In this febrile atmosphere, last week’s news of what to expect in the forthcoming Education White Paper was not well received. The possible return of Key Stage Three SATs, the removal of the national cap on teachers’ working hours, greater powers for Ofsted were three of the ‘treats’ shared. In his own conference speech, Nadim Zahawi rightly drew attention to the importance of literacy and numeracy, but we know that the funding for learning recovery is limited. The catch up tsar Sir Kevan Collins resigned in June after the government announced less than 10% of the funding Sir Kevan and his team identified as the minimum required to restore standards to pre-pandemic levels.
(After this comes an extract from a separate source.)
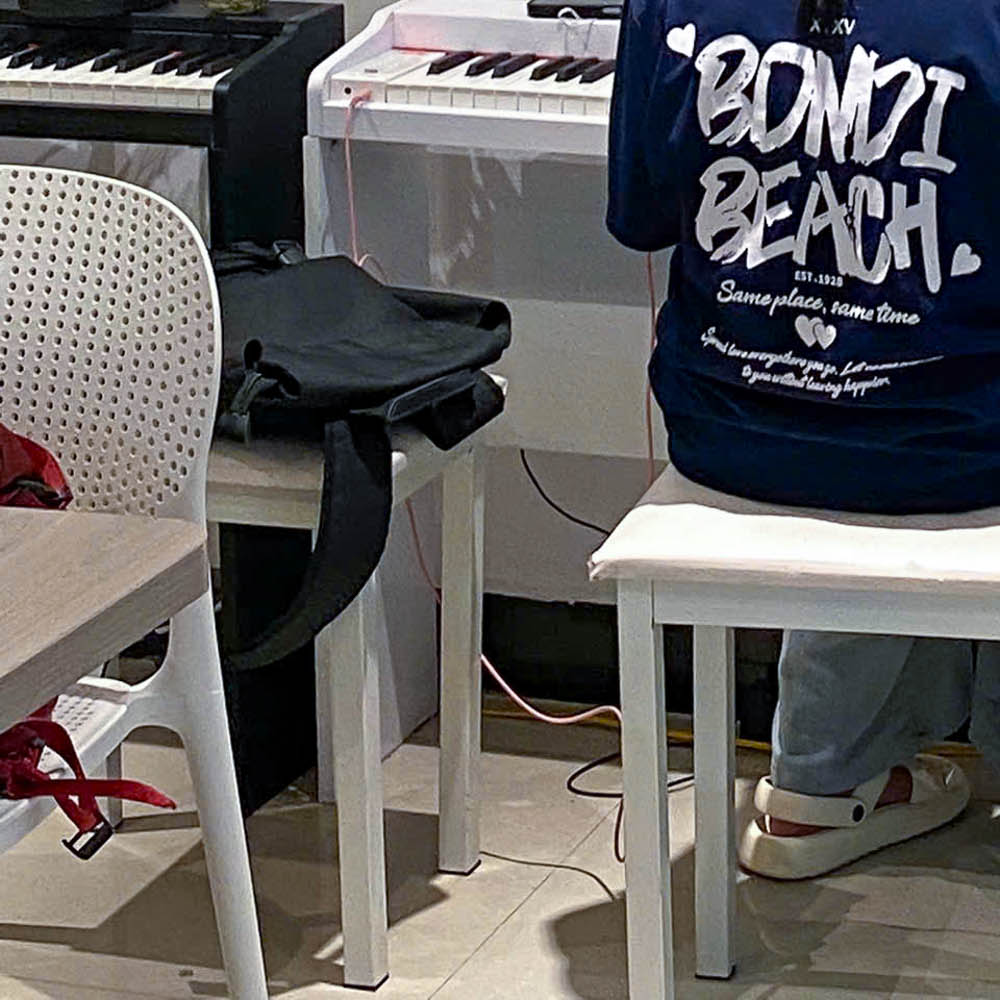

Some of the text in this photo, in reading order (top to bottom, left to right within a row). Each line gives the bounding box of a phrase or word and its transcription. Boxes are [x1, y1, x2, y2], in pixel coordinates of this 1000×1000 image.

It’s a tough time to work in education, which is why it’s so remarkable that we have such brilliant and inspiring conversations with our members, and gain insights into what they are doing for the young people they serve. From new Cooperative Foundation Trusts coming to life, to Trusts working across a city to support schools facing challenges, to improvement plans that focus on the powers of collaboration and solidarity, rather than competition, the cooperative education sector, small but mighty, continues to be a beacon for best practice. This week, we’ve had conversations with leaders in Kent, Southampton, Lancashire, Birmingham, Derbyshire, and Surrey. All mention the challenges; all emphasise the importance of the work for their communities and young people.
At the end of last academic year, we spoke about Agency, Community, and Trust being the key themes for our work this year. New Trusts are emerging as they take agency and protect themselves from locally specific academisation threats. Concern for community is a cooperative principle. Our Cooperative Trusts answer to and represent their communities, and are focused on improving their specific worlds in concrete and meaningful ways. And the importance of trust – from and between governance to staff to students to partners to caregivers – is shaped by the values and principles we have all signed up to.
We are proud that our sector continues to grow, and that in spite of everything, the work you do this academic year will be something to be proud of. Thank you.